─── Materials provided

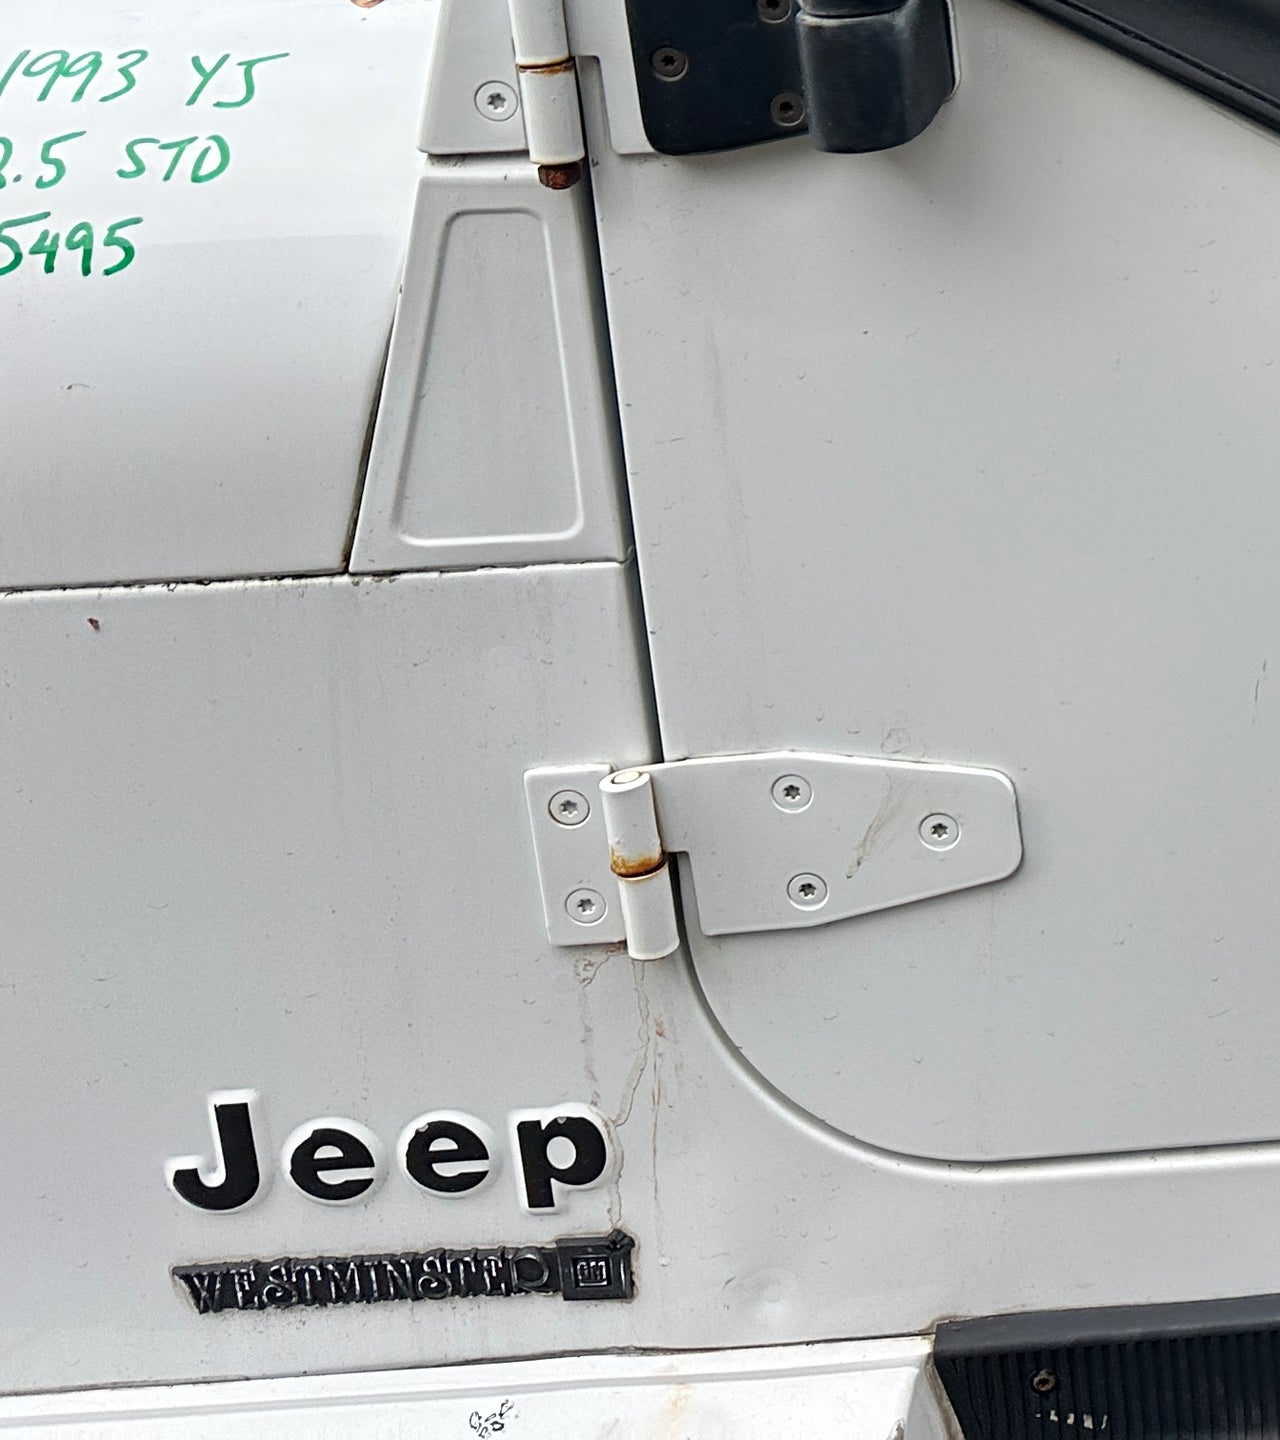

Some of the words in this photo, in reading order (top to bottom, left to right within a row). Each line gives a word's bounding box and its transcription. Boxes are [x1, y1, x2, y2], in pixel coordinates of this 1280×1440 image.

[0, 49, 149, 103] 1993
[185, 52, 290, 108] YJ
[116, 134, 231, 184] STD
[0, 211, 144, 277] 5495
[168, 1095, 611, 1213] Jeep

──────

**What is being asked**. Pictures aside, give the data again exactly as it appears.

**Answer area**.
Some of the words in this photo, in reading order (top to bottom, left to right within a row). Each line gives a word's bounding box and its transcription. Boxes are [x1, y1, x2, y2], in pixel coordinates of this 1280×1440 image.

[0, 49, 149, 103] 1993
[185, 52, 290, 108] YJ
[116, 134, 231, 184] STD
[0, 211, 144, 277] 5495
[168, 1095, 611, 1213] Jeep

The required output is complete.